### The records

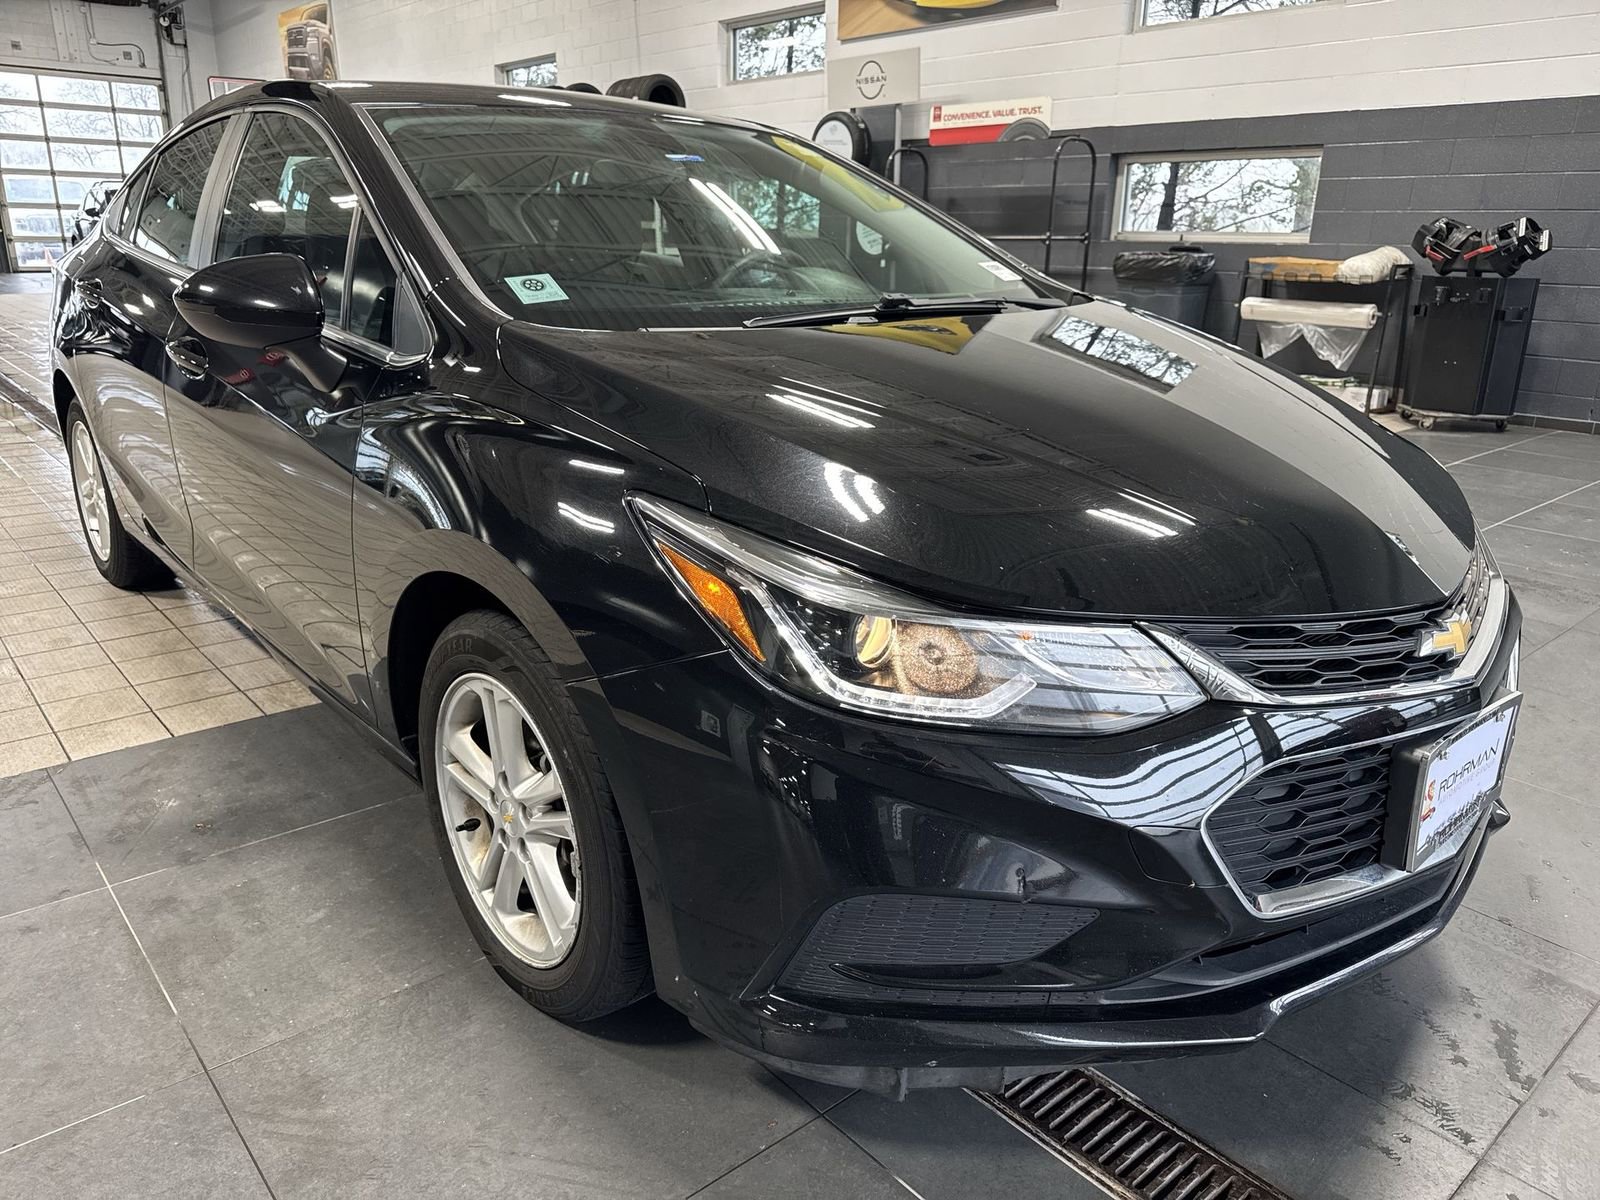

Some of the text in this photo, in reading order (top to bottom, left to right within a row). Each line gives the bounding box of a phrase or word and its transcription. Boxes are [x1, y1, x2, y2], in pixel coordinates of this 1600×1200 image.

[856, 75, 887, 85] NISSAN
[943, 111, 992, 121] CONVENIENCE.
[992, 108, 1017, 117] VALUE.
[1018, 106, 1044, 115] TRUST.
[1437, 737, 1500, 801] ROHRMAN
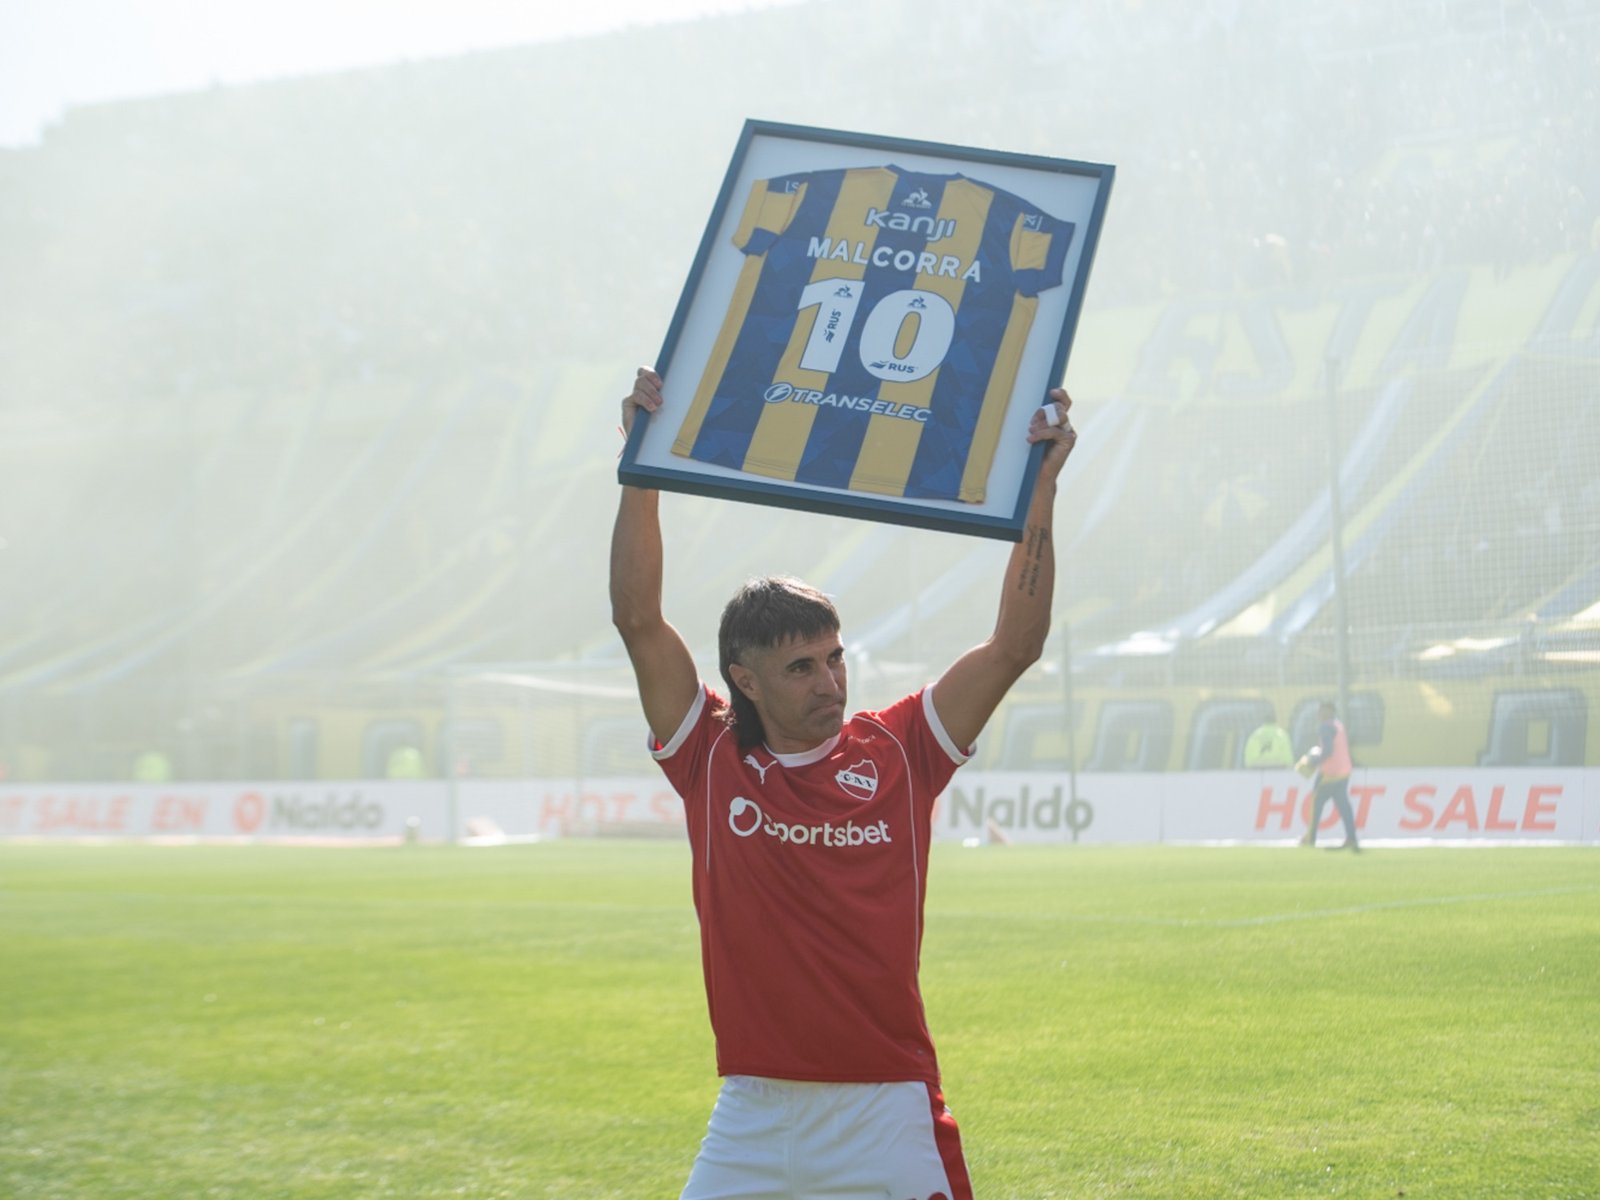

### What is being asked
Could you transcribe the material above exactly, keeping every picture out?

### Completed exercise
Some of the text in this photo, in reading order (top to bottom, left to right within a row). Each line gives the bounding box of a phrase or word and its transcription. Boxes are [x1, y1, x2, y2], in pixel coordinates of this 1600×1200 image.

[856, 75, 887, 85] NISSAN
[943, 111, 992, 121] CONVENIENCE.
[992, 108, 1017, 117] VALUE.
[1018, 106, 1044, 115] TRUST.
[1437, 737, 1500, 801] ROHRMAN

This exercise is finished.